Originalmente el sistema operativo Android tenía la intención de ser el corazón de cámaras con pantallas táctiles. Sin embargo, por un motivo u otro se acabó integrado en Smartphones, cuando Google se hizo con la pequeña compañía del androide verde.

Hasta hace bien poco un terminal Android era únicamente un teléfono móvil, pero hoy se usa para el funcionamiento de Tablets, teléfonos fijos, portátiles incluso microondas.  El crecimiento de este sistema operativo y la carencia de horizontes se deben al código abierto que los caracteriza. Esto combinado con su pequeño peso, hacen de él la herramienta perfecta para desarrollar todo tipo de aparatos inteligentes.

Una de la grandes innovaciones fue en su tiempo aquel USB que podía transforma un televisor en Smart TV o los ordenadores low cost destinado a los más pequeños. Hasta el momento ninguna de esta reinvenciones ha tenido gran repercusión, sin embargo parece que será distinto con los SmartWatch o las Google Glass.
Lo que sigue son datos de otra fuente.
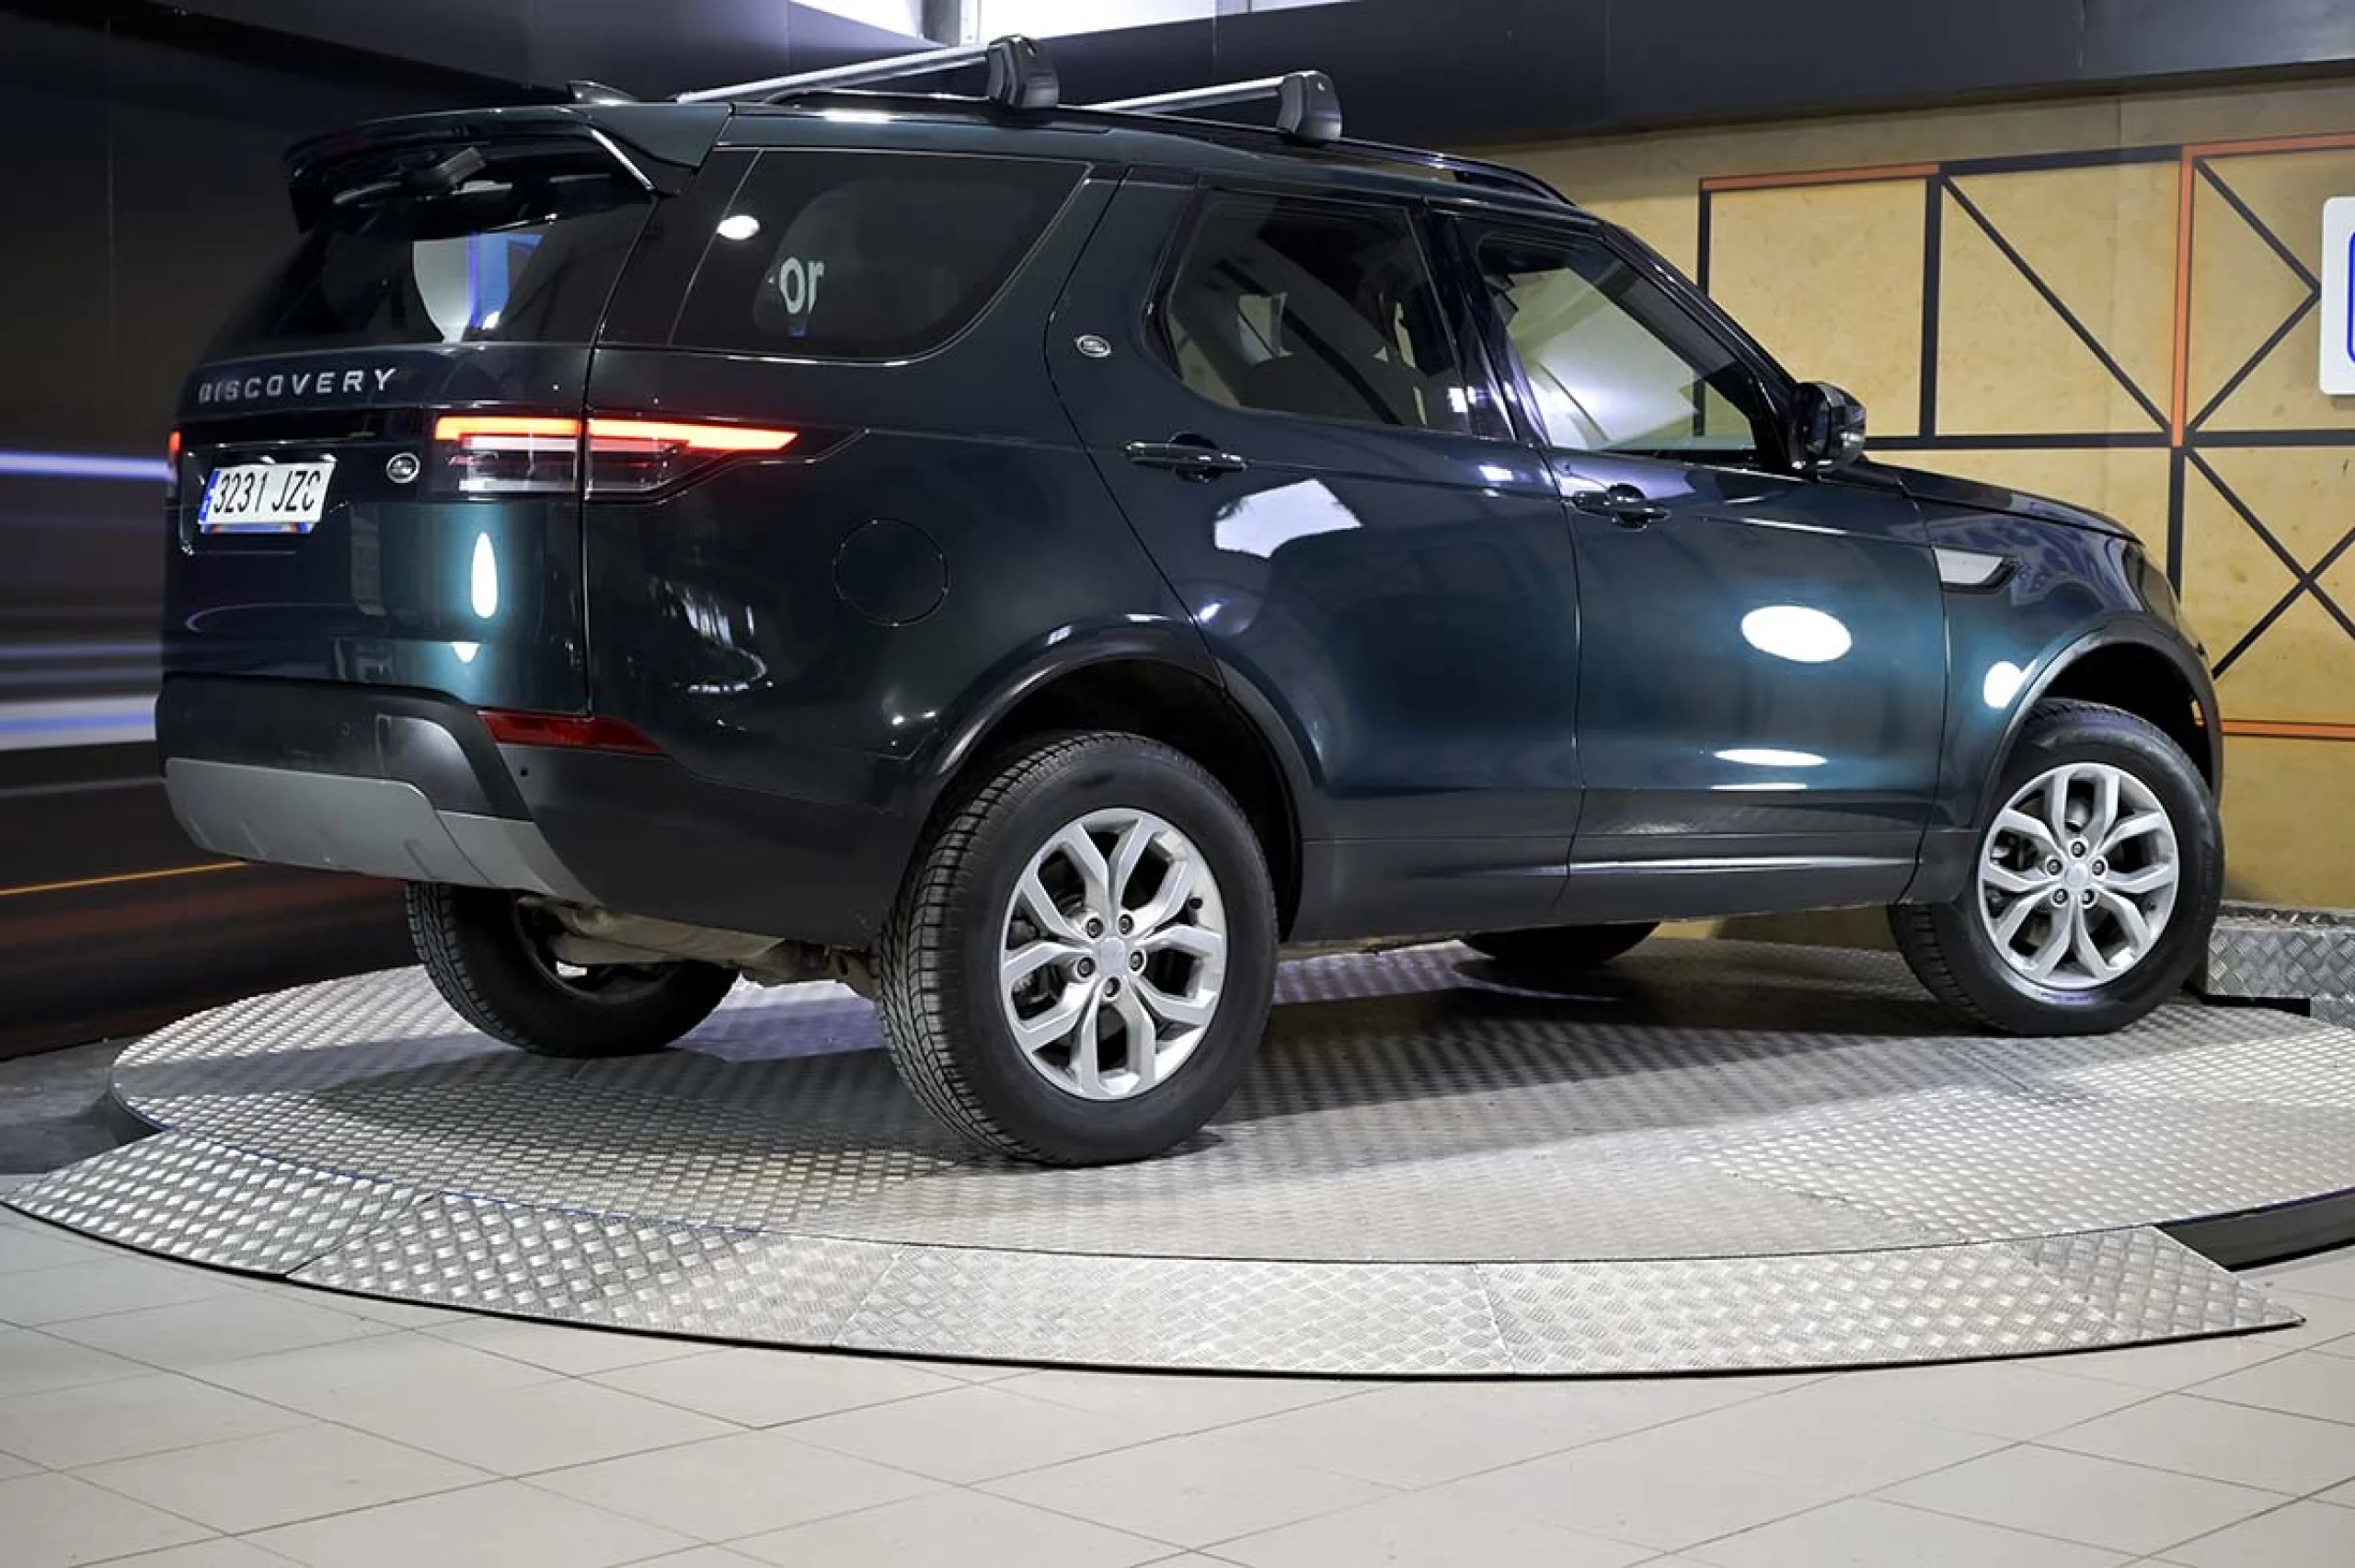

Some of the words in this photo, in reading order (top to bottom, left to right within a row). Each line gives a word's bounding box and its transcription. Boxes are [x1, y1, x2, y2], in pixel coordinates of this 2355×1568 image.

[198, 368, 396, 404] DISCOVERY
[213, 470, 269, 514] 3231
[271, 470, 321, 512] JZC
La diferencia entre el éxito de unos y otros reside en el desarrollador que la lleve a cabo. Los primeros relojes inteligentes casi podrían ser atribuidos a la empresa de la manzana mordida. Desde sus orígenes no me entusiasmo la idea, sin embargo, con el tiempo han ido creciendo considerablemente. Las Google Glass, nacen como competencia directa a la fiebre del reloj inteligente y su impacto ha sido espectacular. Con este repaso quisiera poner de manifiesto, ¿cuál será el próximo dispositivo que genere tanta fiebre?